Planet Puppet

TLC (Teaching and Learning College)

Planet Puppet

December 26, 2024 at 08:30PM

Ventriloquism isn’t the audience draw it used to be—anomalies like Jeff Dunham notwithstanding—but as a spectacle worthy of a gonzo approach, it remains almost unbelievably fertile. Mina Tavakoli visits the tradition’s biggest convention (in Kentucky, of all places) and returns with one of those stories you wish you’d written but are all too happy to read. Offbeat, uncanny, and unforgettable.

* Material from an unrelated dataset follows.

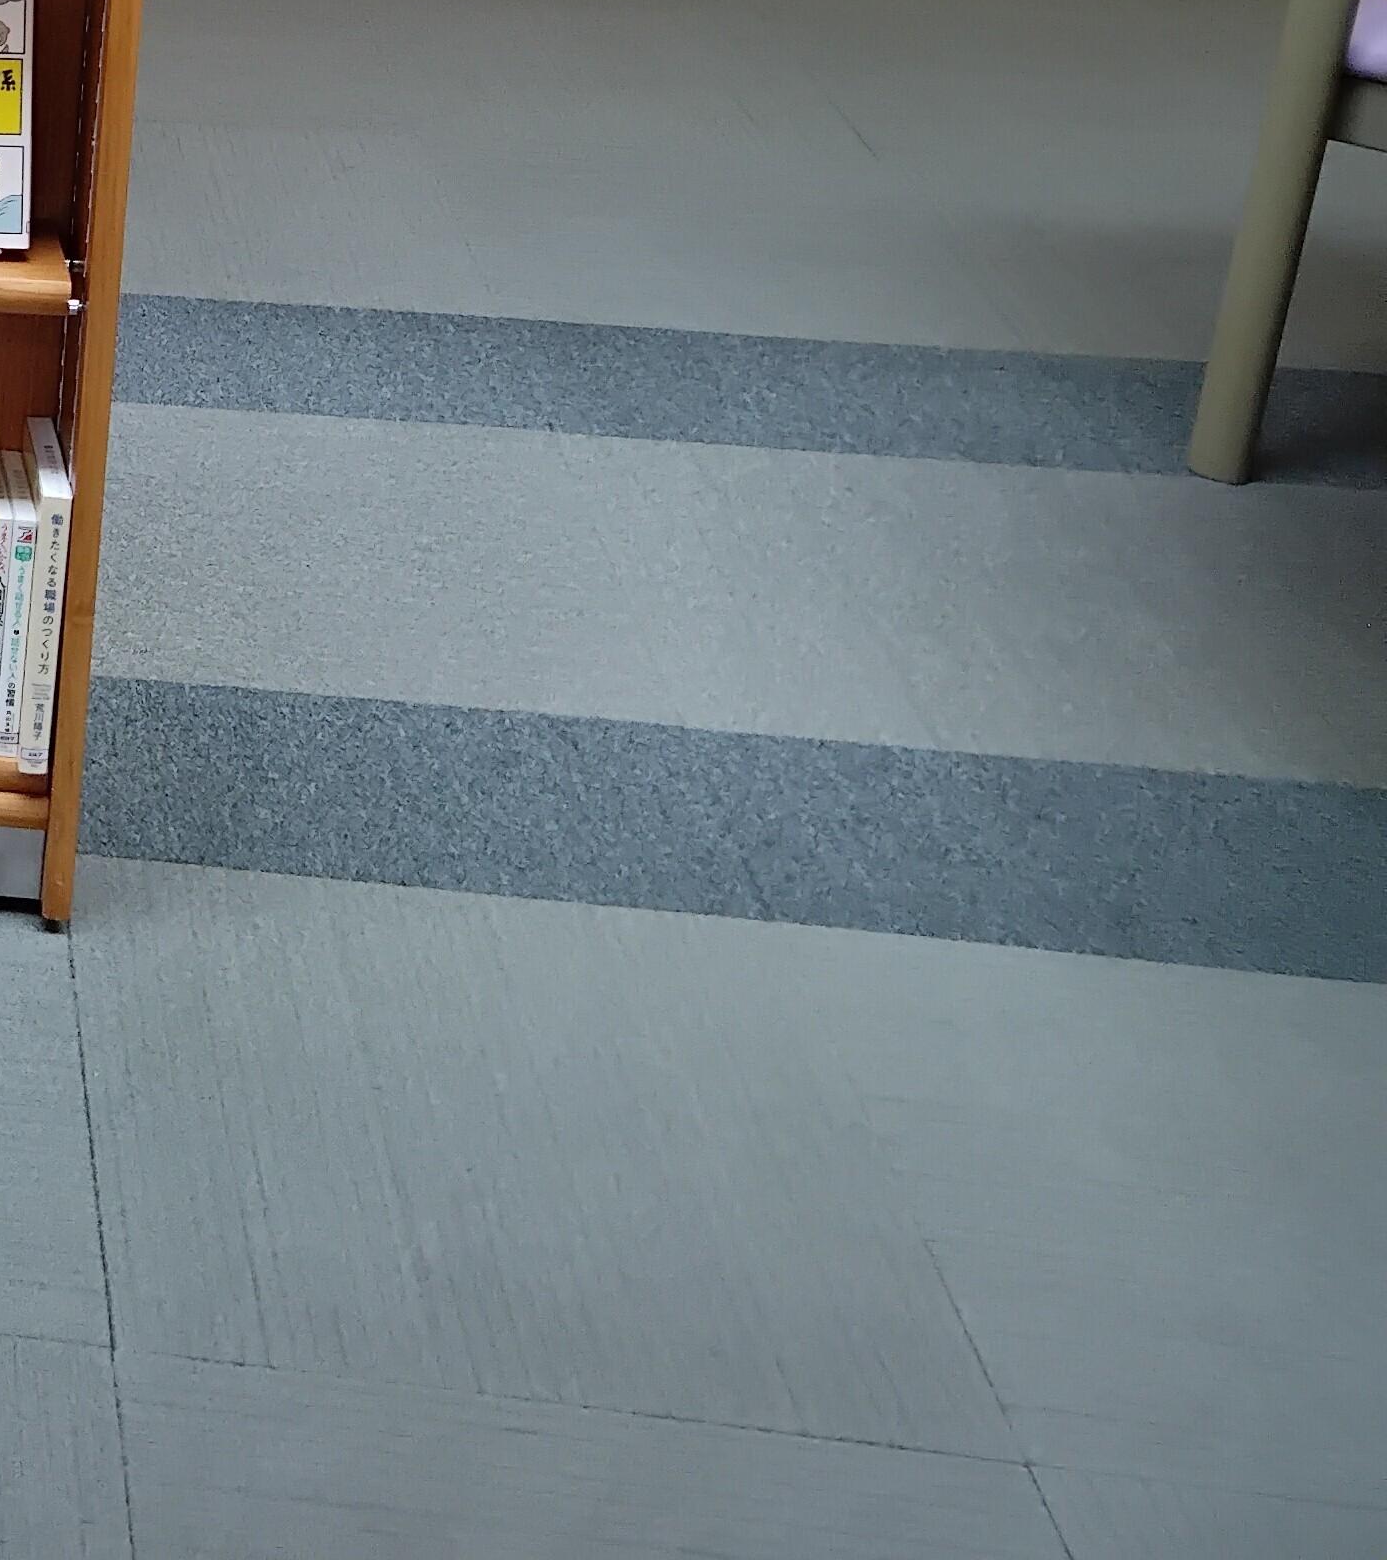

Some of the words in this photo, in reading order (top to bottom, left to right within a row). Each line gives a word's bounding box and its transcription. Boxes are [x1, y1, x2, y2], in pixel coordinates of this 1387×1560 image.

[37, 513, 65, 676] 働きたくなる職場のつくり方

The man with the chef’s hat and meatball puppet was barely registering his acquaintance, who was gesturing toward heaven with a puppet in the shape of an ear of corn. That was Job, the unlucky cob. The man in the chef’s hat bore Meatball, a loud Italian American meatball who calmed hospital patients and veterans through a nest of spaghetti. Just past the gurgle of the lobby fountain was Barbie Q. Chicken, a 4-year-old bird who was both Broadway prima donna and antibullying activist. Beside the wall of potted plants was Danny, an underweight and barefoot hillbilly from the mountains of West Virginia, and further beyond him was Herman the Worm (pronounced “Hoiman Da Woim”), a cross-eyed caterpillar made out of a dryer vent hose. Beep, a monkey, was kitty-corner, behind me were Doodle the toad and the handsomely breasted showgirl Miss Trixie, and now approaching with tensed biceps was Rocco, the muscular pit bull from Staten Island. Each was, and I understand that this sounds stupid, tremendously human: some had that sort of vaporizing charisma; some, one could tell, had the limper, more sheepish personalities of those whose lives are defined by long stretches of extreme silence. As the lobby mushroomed with figures of felt, wood, and PVC tubing, they formed a great chorus of flopsy and glabrous creatures that would not shut up.